Straight to the point: Viber, due to poor security management across devices, will allow an attacker to easily steal all of your contacts and to monitor all of your conversations.
Here is how:
Couple a weeks ago I started using Viber for desktop. In order to sign in all you need to do is to enter your phone number on desktop app:
When you enter your phone number on Viber for desktop a Viber application on your smartphone generates a security code that you need to enter in order to sign in:
This is all the verification required in order to start using Viber for desktop. From this moment all of your contacts are stored on your desktop app and all of the new conversations are automaticaly being synced with your mobile phone. So everything that happens on your mobile phone can be later viewed on desktop app. Nice and easy, but….

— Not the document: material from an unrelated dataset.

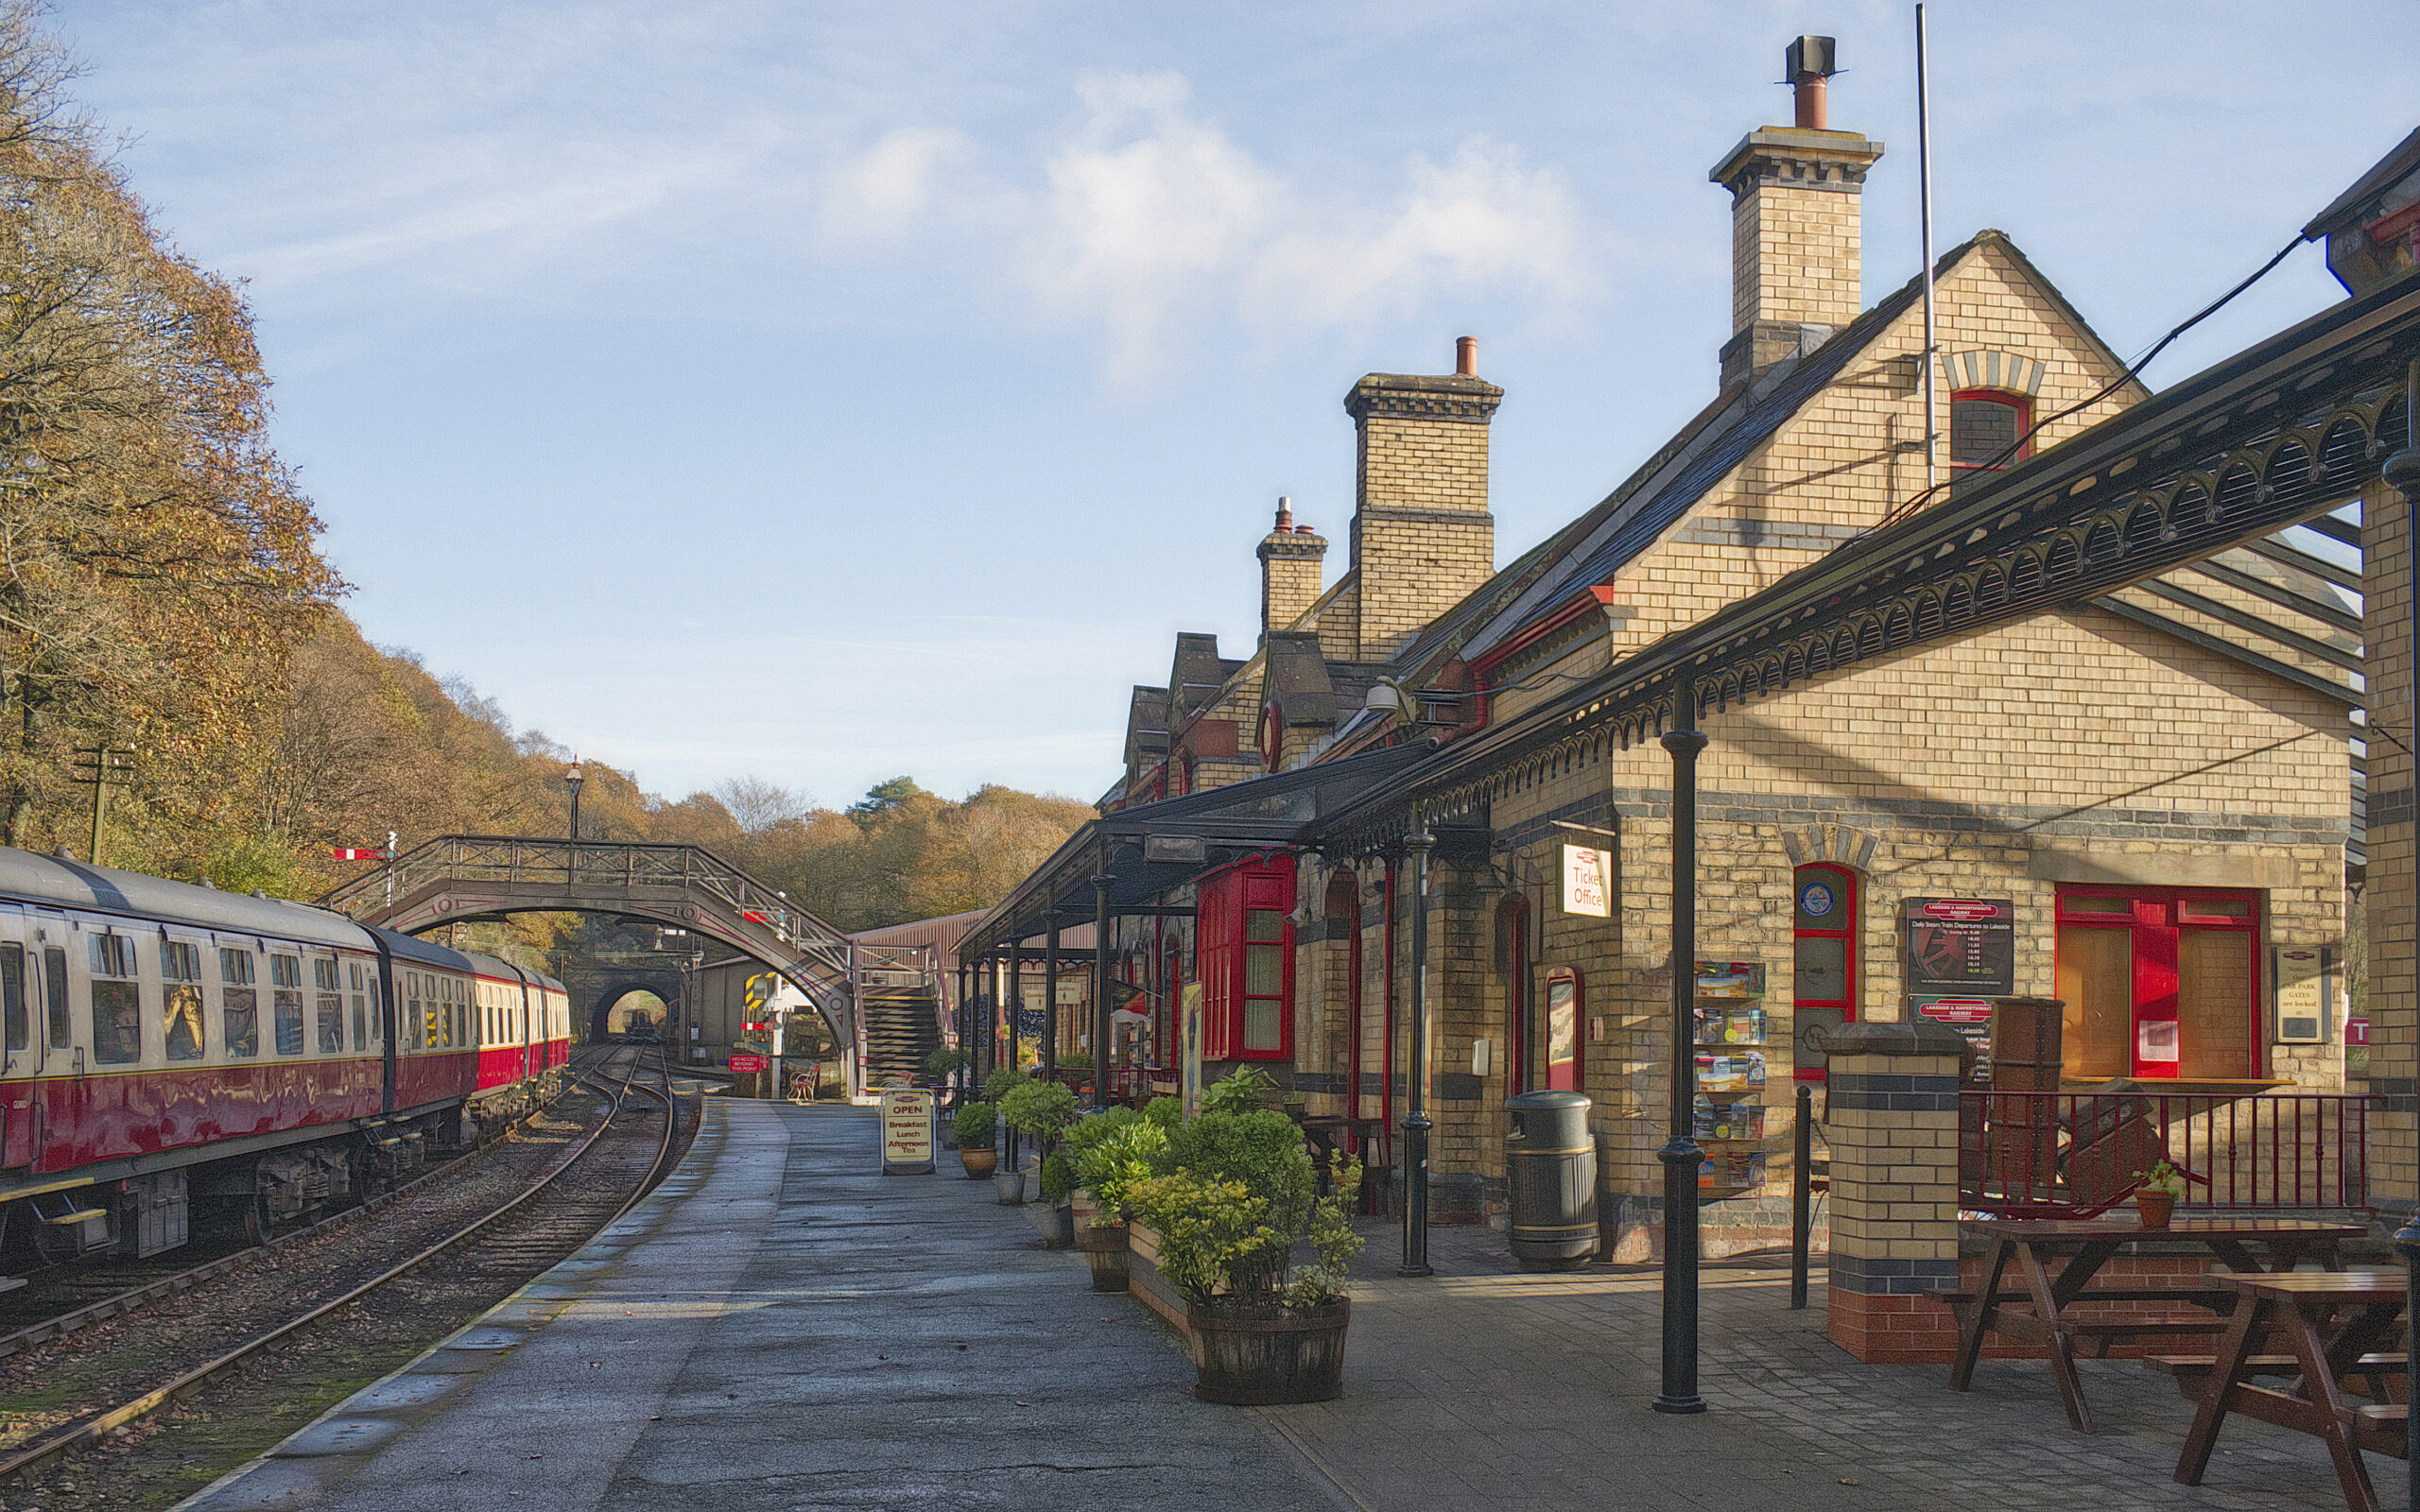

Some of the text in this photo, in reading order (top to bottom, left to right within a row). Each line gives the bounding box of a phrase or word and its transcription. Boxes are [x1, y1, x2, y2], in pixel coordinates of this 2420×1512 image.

[1573, 867, 1602, 886] Ticket
[1574, 888, 1602, 907] Office
[892, 1106, 923, 1114] OPEN

Here is the „vulnerability“: Push notification with security code is being displayed on locked screen. Your notification settings are not working for security push notification.
Here are my Viber notification settings:
All notifications disabled, however, the security notification vibrates the phone, turns the light on and shows the security code making a huge impact to your privacy and security.
Attack scenarios
There are multiple attack scenarios in order to exploit this poor security management. All the attacker needs to know is your mobile number (not so hard to find out these days). The other requirement for an attacker is to have a one second view on your mobile phone screen. Also not so hard with nowadays 5 or 6 inches screens.
So lets say you leave your mobile phone on your desk at work when you are using the toilet. Bad and wicked employee can start to monitor all of your conversations. This is just a light one.
Advanced attacker with SE techniques, shoulder surfing, hidden cameras etc. could almost certainly trick anyone.
I guess that „Viber out“ just got a brand new meaning.
Tested platforms: Viber for Linux, Viber for Windows and latest Viber for Android 5.5.2.28.